Naturally he’s immediately caught by his parents. His mom shows him a book of newspaper clippings of giants Cootie’s size from the past — killed by police, beaten by mobs, displayed in freak shows, enslaved. There’s one every generation. Cootie’s seen the book before, the stories gave him nightmares, but this time it doesn’t have the same effect. His mother is afraid of how much society will fear a 13-foot-tall black man, but in Cootie’s brief experience, people were excited to see him, an urban legend in the flesh. (In fairness, apart from the Hispanic neighbor in the stilt house, everyone else who saw him was also black. Who knows if his appearance would have played as well in the suburbs.)

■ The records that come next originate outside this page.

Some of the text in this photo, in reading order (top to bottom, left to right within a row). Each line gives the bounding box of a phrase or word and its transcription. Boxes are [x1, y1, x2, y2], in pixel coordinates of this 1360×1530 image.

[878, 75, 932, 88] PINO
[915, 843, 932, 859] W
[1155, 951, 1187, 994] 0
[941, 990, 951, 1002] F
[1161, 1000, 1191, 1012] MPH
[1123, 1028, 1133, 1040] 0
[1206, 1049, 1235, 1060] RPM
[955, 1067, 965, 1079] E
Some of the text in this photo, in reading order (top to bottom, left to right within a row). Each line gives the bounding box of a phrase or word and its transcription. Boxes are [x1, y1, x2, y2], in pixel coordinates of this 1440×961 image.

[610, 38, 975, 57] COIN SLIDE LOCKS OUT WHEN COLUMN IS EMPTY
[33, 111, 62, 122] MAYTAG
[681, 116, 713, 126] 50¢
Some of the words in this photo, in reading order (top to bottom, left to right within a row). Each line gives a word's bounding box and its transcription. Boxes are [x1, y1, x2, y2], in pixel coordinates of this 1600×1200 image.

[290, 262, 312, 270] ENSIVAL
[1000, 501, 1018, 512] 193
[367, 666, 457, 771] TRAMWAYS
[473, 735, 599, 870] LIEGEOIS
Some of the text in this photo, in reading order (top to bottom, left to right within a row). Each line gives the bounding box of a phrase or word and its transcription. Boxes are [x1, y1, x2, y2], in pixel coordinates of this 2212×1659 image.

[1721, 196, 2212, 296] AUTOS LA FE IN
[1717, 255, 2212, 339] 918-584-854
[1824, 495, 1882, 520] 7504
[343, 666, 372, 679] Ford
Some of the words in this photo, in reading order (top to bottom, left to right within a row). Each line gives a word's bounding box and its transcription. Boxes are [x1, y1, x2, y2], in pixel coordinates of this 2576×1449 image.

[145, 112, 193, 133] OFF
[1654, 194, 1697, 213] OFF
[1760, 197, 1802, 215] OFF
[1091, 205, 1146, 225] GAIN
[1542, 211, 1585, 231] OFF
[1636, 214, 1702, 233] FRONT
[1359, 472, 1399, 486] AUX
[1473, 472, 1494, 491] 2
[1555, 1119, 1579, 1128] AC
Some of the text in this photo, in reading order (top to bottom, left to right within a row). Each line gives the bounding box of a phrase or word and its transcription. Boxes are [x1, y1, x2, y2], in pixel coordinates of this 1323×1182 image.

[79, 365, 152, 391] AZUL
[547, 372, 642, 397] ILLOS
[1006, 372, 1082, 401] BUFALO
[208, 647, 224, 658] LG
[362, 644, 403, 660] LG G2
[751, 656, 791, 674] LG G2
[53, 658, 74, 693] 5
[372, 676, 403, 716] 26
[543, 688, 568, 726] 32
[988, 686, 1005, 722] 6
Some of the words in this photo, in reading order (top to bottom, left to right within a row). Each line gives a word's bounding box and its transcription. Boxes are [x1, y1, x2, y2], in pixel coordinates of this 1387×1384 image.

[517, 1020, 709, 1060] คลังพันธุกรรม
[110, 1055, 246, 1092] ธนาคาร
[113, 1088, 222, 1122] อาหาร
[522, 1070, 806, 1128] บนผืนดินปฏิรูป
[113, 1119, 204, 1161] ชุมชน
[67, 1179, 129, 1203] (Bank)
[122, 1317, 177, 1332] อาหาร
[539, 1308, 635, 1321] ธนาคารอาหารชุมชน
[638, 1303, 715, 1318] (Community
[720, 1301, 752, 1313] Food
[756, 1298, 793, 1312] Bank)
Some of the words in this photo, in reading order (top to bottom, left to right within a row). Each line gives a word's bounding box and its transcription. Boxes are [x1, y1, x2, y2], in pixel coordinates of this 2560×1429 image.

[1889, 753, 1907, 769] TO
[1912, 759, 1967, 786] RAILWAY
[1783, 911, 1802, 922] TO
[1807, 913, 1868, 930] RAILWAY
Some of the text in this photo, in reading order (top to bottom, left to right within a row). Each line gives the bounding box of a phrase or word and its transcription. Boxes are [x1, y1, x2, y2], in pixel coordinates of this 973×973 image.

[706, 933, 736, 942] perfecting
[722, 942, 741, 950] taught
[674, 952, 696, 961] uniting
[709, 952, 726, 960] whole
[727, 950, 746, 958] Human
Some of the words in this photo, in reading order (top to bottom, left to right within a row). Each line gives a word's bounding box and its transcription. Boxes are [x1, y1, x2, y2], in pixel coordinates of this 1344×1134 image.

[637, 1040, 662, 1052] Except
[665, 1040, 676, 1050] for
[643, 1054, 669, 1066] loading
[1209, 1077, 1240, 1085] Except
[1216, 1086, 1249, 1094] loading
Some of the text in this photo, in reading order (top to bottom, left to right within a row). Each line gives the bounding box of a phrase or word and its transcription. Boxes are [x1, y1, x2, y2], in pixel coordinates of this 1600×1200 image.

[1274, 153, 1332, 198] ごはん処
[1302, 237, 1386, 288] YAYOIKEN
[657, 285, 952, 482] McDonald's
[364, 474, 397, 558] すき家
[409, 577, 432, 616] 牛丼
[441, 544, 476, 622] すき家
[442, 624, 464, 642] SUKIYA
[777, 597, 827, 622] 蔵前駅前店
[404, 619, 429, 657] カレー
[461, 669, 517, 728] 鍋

So he goes out again. His friends take him to Bing Bang Burgers (“These are actually very bad”) and a warehouse dance club where he drinks from Solo cups that look like shot glasses in his hands. He’s making friends, he’s having a good time, and the world isn’t such a scary place after all.

Until a drunk outside the club decides to pick a fight. The giant is unfazed by the drunk and his friends’ Lilliputian punches, and gently slaps the group of them across the face all at once, gently saying “sorry” as they retreat. But as his parents see on the news, the police are called. Maybe the outside world isn’t so safe after all. And then, like any good pilot episode, we get one last twist that suggests there’s more to the parents’ secrecy than we realized. Tune in next week.

Stray thoughts:
• Given Cootie’s size difference from the other characters, virtually every shot in the show is a VFX shot. Most of it works very well — this giant teenager feels tangible and his world feels lived-in. There are only a few moments (the fight in particular) where you can see the seams.

• Cootie’s speech to his parents about listening to a subwoofer for the first time is terrific — a very specific example that manages to stand in for everything he’s missed out on in his sheltered life. As with Sorry to Bother You, Riley excels at taking a surreal situation and making it feel universal.

• There are also a few surreal touches in the episode — a woman making burgers moves at hyperspeed; Cootie’s attacker flies up to his eye level in slow motion — and it’s not yet clear whether these are supposed to be seen as stylized or literal.

• Besides Boots Riley writing every episode and directing the first two and last (of seven), The Coup also provides the soundtrack (in collaborations with Tune-Yards, as they also did for Sorry to Bother You).